During a part of the year, I have been aided in the work of imparting instruction to the boys under my care, by Mr. J. Putnam and Miss H. Norton, whose zeal, fidelity and faithfulness in the work are worthy of all praise. Their


and co-operation in all my plans to advance the interests of the school, have been most satisfactory. We feel that we have not accomplished, either for the mental improvement or moral renovation of these boys, all that we desired. We can only say, that by prayer, precept and labor, we have done what we could. We can only pray that God will more abundantly bless our efforts in the future than in the past. There has been no addition made to the Library during the year.

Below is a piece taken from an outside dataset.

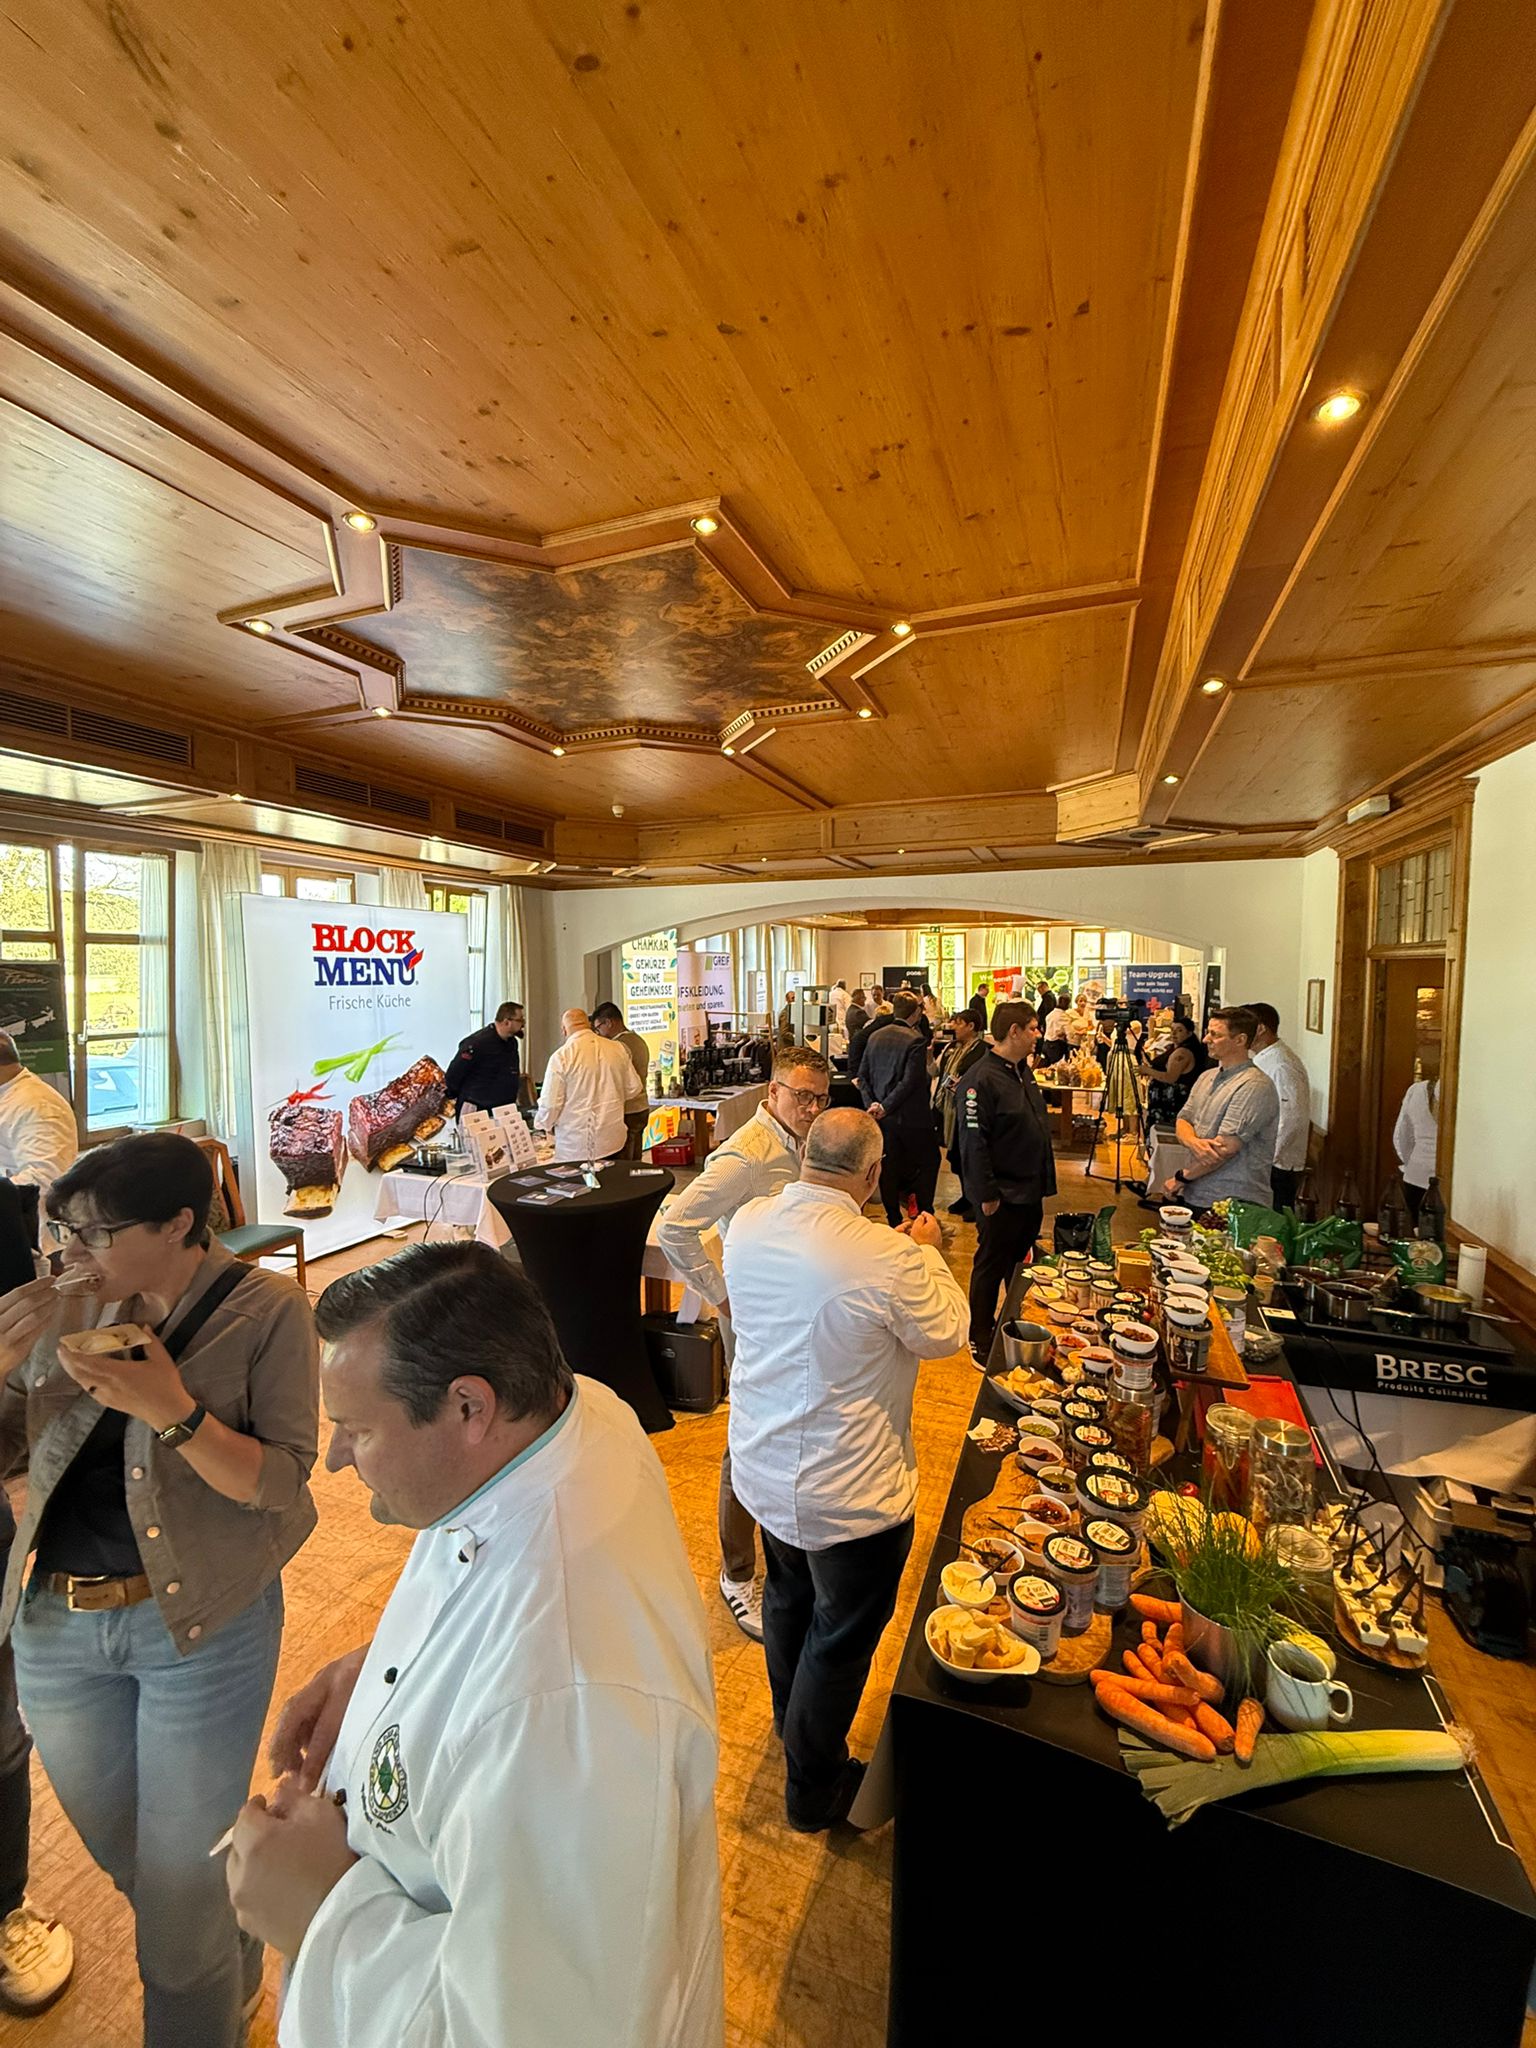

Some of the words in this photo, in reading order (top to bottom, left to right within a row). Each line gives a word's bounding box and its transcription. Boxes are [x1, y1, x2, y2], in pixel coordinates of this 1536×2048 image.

Hoping that our humble efforts may not only be blessed of God, but that they may also meet in some measure with your approbation, I submit this report.

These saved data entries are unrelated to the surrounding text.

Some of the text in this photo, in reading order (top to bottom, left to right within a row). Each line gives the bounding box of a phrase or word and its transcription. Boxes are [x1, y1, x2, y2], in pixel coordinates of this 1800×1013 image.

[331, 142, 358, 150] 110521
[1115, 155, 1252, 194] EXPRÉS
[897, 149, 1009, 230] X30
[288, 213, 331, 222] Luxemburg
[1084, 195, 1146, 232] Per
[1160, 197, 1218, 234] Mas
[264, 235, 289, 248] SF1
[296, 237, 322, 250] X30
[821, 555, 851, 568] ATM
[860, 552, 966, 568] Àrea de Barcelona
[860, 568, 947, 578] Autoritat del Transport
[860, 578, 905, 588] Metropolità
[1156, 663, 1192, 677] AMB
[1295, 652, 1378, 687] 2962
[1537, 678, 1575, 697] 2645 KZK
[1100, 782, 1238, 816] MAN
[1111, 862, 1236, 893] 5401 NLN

To the Hon. Board of Control of the State Reform School :

GENTLEMEN—Thirty-one boys have been received into the Primary Department of the School during the year ending Nov. 16, 1864. They were placed in classes as follows: Twenty in the Primer, sixteen in the First Reader, four in the Second, and one in the Third.

Twenty-nine of these boys could not write. Oniy three of them had any knowledge of Arithmetic.

Since only forty-two boys are allowed in this school, as many have been sent out as have entered. Three have been discharged, and twenty-eight have gone to the upper school, as smaller boys came in. Of the number who have gone out, four read in the Primer, five in the First Reader, twelve in the Second, and ten in the Third. Twenty-one of the number could write their own letters; the others could not write, or simply write their own names. One knew nothing of Arithmetic, eight were in the Table Book, fifteen in Primary, and seven in the Intellectual Arithmetic.

Of the forty-two now in the school, six read in the Primer, fifteen in the First Reader, fourteen in the Second, and seven in the Third. Twenty can write their own letters, twelve can write their names, and ten cannot write. Six receive instruction in Arithmetic orally, eighteen are in the Table Book, fifteen in the Primary, and three in the Intellectual Arithmetic.

Two boys have made considerable progress in Geography, and instruction is given to all from Outline Maps. Reading of the Scriptures form a part of each day's exercises, besides which, every boy learns a verse to recite. This often calls out explanations, and the reading of other portions of the Bible.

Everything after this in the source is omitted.